Your instructions >> Drop every image, then reproduce the data exactly as given.

=== Begin Enclosure ===

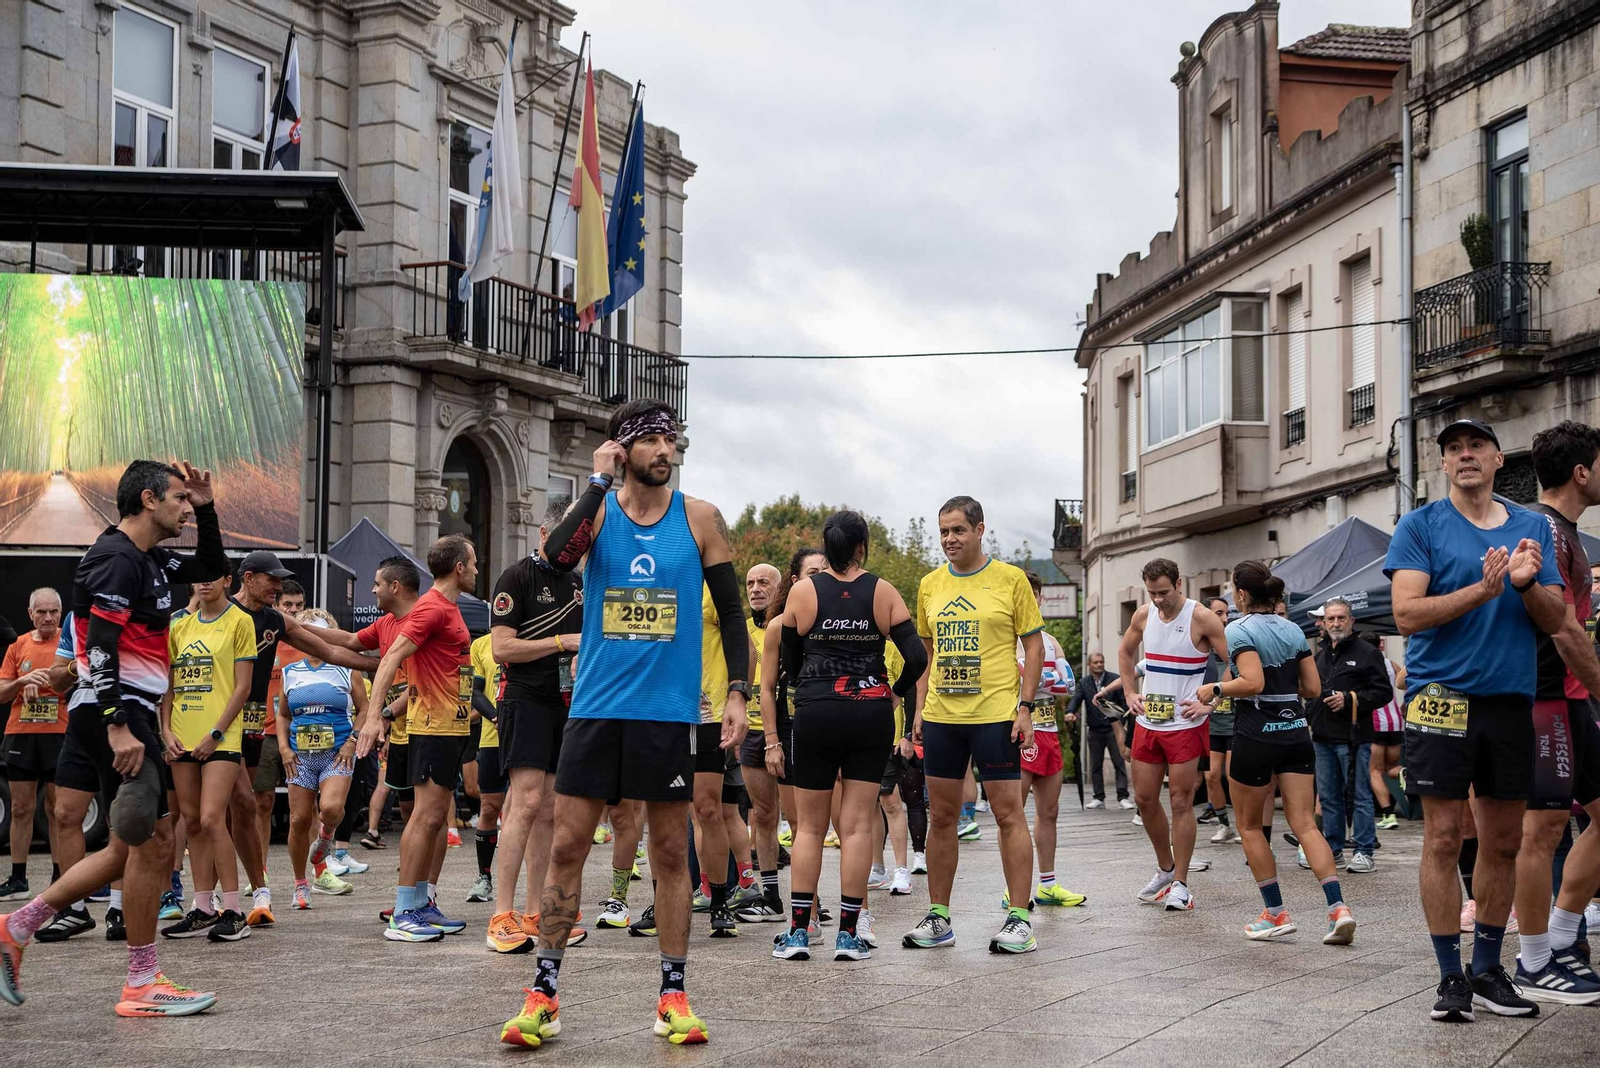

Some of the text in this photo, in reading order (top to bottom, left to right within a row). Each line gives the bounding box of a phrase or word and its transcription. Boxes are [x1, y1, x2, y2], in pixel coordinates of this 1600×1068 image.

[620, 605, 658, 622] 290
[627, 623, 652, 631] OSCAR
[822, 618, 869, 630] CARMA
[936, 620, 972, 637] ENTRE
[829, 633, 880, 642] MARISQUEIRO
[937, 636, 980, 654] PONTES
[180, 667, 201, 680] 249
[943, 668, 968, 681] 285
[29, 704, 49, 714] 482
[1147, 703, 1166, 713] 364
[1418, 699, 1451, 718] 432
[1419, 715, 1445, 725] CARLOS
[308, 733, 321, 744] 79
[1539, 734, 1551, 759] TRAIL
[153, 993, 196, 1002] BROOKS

=== End Enclosure ===

Answer to the exercise >>
Some of the text in this photo, in reading order (top to bottom, left to right within a row). Each line gives the bounding box of a phrase or word and its transcription. Boxes are [x1, y1, x2, y2], in pixel coordinates of this 1600×1068 image.

[620, 605, 658, 622] 290
[627, 623, 652, 631] OSCAR
[822, 618, 869, 630] CARMA
[936, 620, 972, 637] ENTRE
[829, 633, 880, 642] MARISQUEIRO
[937, 636, 980, 654] PONTES
[180, 667, 201, 680] 249
[943, 668, 968, 681] 285
[29, 704, 49, 714] 482
[1147, 703, 1166, 713] 364
[1418, 699, 1451, 718] 432
[1419, 715, 1445, 725] CARLOS
[308, 733, 321, 744] 79
[1539, 734, 1551, 759] TRAIL
[153, 993, 196, 1002] BROOKS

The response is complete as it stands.